Tumor Associated Stromal Cells Play a Critical Role on the Outcome of the Oncolytic Efficacy of Conditionally Replicative Adenoviruses

Autores
Lopez, M. Verónica; Viale, Diego L.; Cafferata, Eduardo G. A.; Bravo, Alicia I.; Carbone, Cecilia; Gould, David; Chernajovsky, Yuti; Podhajcer, Osvaldo L.
Año de publicación
2009
Idioma
inglés
Tipo de recurso
artículo
Estado
versión publicada
Descripción
The clinical efficacy of conditionally replicative oncolytic adenoviruses (CRAd) is still limited by the inefficient infection of the tumor mass. Since tumor growth is essentially the result of a continuous cross-talk between malignant and tumor-associated stromal cells, targeting both cell compartments may profoundly influence viral efficacy.
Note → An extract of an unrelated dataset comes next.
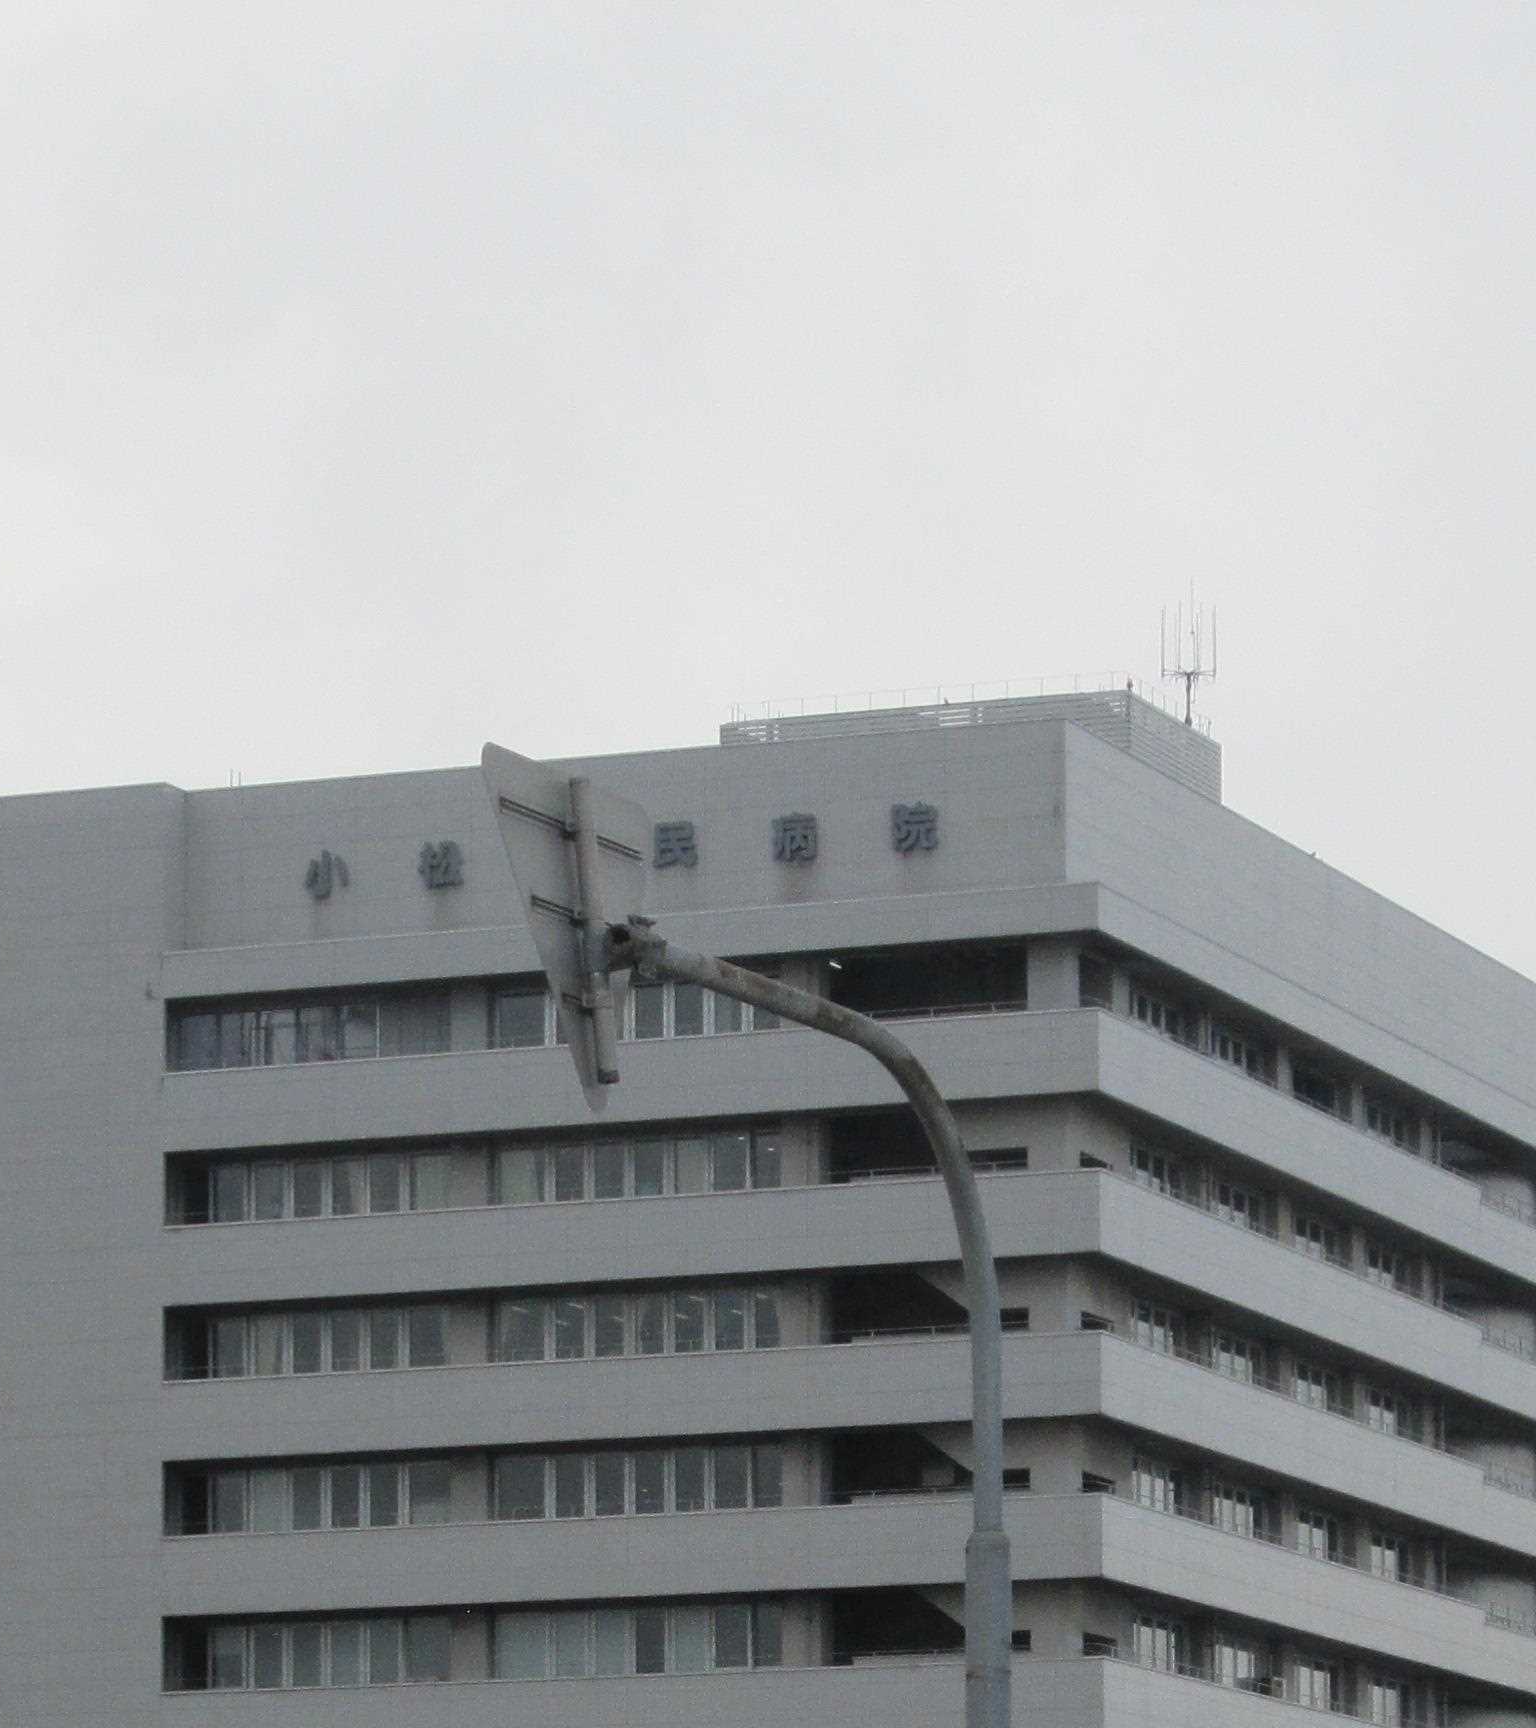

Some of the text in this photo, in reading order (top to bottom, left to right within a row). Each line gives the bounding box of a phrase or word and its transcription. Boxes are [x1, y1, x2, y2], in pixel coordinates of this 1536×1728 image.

Therefore, we developed SPARC promoter-based CRAds since the SPARC gene is expressed both in malignant cells and in tumor-associated stromal cells. These CRAds, expressing or not the Herpes Simplex thymidine kinase gene (Ad-F512 and Ad(I)-F512-TK, respectively) exerted a lytic effect on a panel of human melanoma cells expressing SPARC; but they were completely attenuated in normal cells of different origins, including fresh melanocytes, regardless of whether cells expressed or not SPARC. Interestingly, both CRAds displayed cytotoxic activity on SPARC positive-transformed human microendothelial HMEC-1 cells and WI-38 fetal fibroblasts. Both CRAds were therapeutically effective on SPARC positive-human melanoma tumors growing in nude mice but exhibited restricted efficacy in the presence of co-administered HMEC-1 or WI-38 cells. Conversely, co-administration of HMEC-1 cells enhanced the oncolytic efficacy of Ad(I)-F512-TK on SPARC-negative MIA PaCa-2 pancreatic cancer cells in vivo. Moreover, conditioned media produced by stromal cells pre-infected with the CRAds enhanced the in vitro viral oncolytic activity on pancreatic cancer cells, but not on melanoma cells. The whole data indicate that stromal cells might play an important role on the outcome of the oncolytic efficacy of conditionally replicative adenoviruses.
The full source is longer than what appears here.